# Need some help - Specialized Sirrus



## adoomy (Jun 18, 2013)

Hello,

I was hoping some of you experienced folks could take a look at this bike and let me know your thoughts. Is it worth the asking price? Does it look to be in good shape? Thanks in advanced!

vintage specialized sirrus

Adam


----------



## rufus (Feb 3, 2004)

I have that very same bike. First, it's from 1989. Second, somewhere along the way, that bike's been repainted, as that red bit along the front of the downtube/head lug/fork is not original. Possibly crashed, who knows, those pics are crappy. Third, what's with the quick release seat collar? Broken seat pin tab? 

Fourth, if I were ever to sell it, i'd be surprised if I could get $100 for it. Too many iffy things about that bike to buy it, let alone for $250. 
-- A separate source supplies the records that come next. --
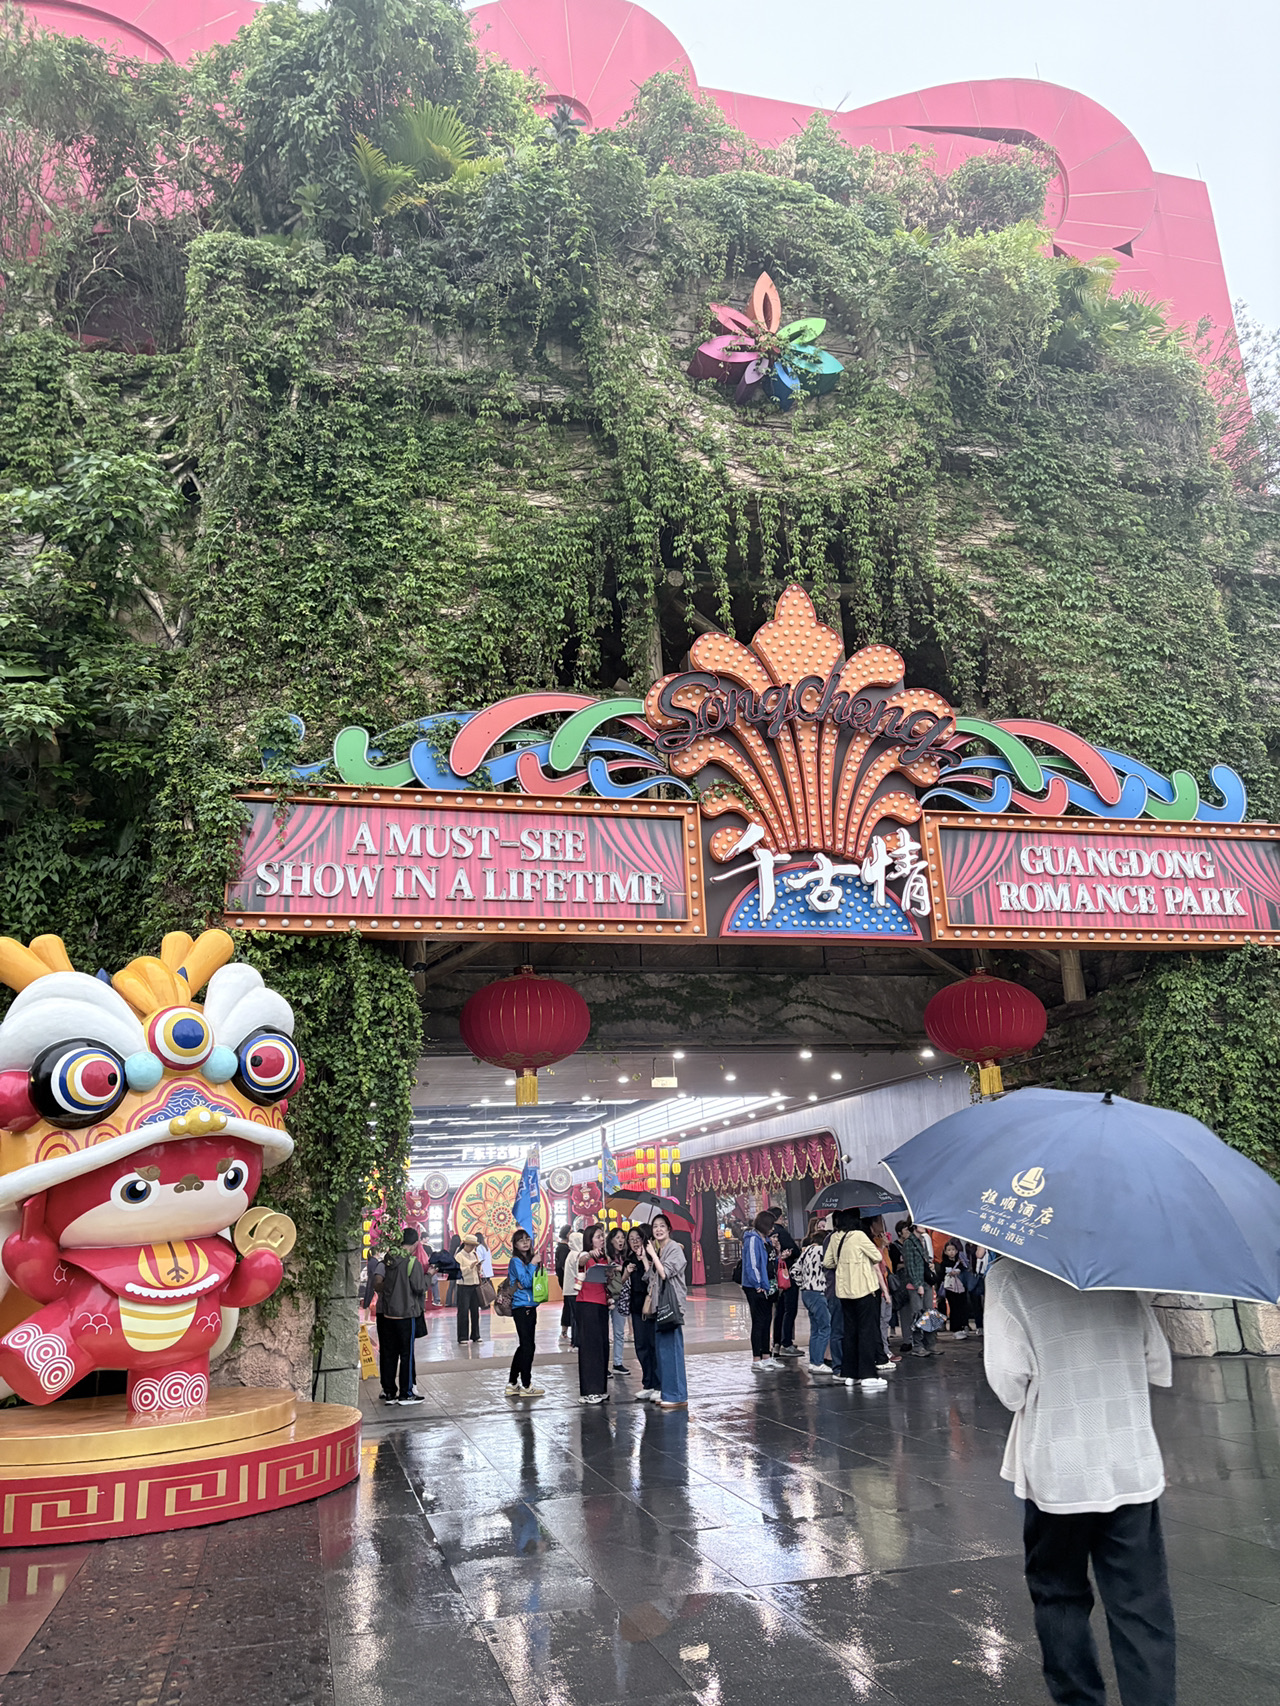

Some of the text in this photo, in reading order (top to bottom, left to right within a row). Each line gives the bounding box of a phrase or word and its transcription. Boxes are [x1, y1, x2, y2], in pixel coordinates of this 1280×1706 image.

[655, 671, 962, 767] Songcheng
[347, 821, 586, 863] A MUST-SEE
[1019, 844, 1216, 880] GUANGDONG
[255, 860, 666, 906] SHOW IN A LIFETIME
[710, 823, 931, 921] 千古情
[998, 881, 1249, 917] ROMANCE PARK
here's what that bike should look like, although mine's certainly not in the greatest of shape.


----------



## Zeet (Mar 24, 2013)

If the bike fits and it has no structural or mechanical issues, offer $150, but pay no more than $200. Otherwise, just walk away...


----------



## Cinelli 82220 (Dec 2, 2010)

rufus said:


> Too many iffy things about that bike to buy it


And the pictures are from 2008? So the seller may have crashed again!


----------



## Roland44 (Mar 21, 2013)

adoomy said:


> Hello,
> 
> I was hoping some of you experienced folks could take a look at this bike and let me know your thoughts. Is it worth the asking price? Does it look to be in good shape? Thanks in advanced!
> 
> ...


It's an "ok" bike, doesn't worth more than $200 however..


----------



## adoomy (Jun 18, 2013)

Thank you all for your feedback. I decided to pass. I'll look for an old schwinn/trek for around $300 instead. Thanks!


----------



## john_steed (Jan 25, 2006)

Don't give up on the Specialized Sirrus. That particular bike might not be worth it,
but the Sirrus in general is are great bike. Just look for one in your size from the 
last 5-10 years. I own two. If you find one in good condition, you won't regret buying it.


----------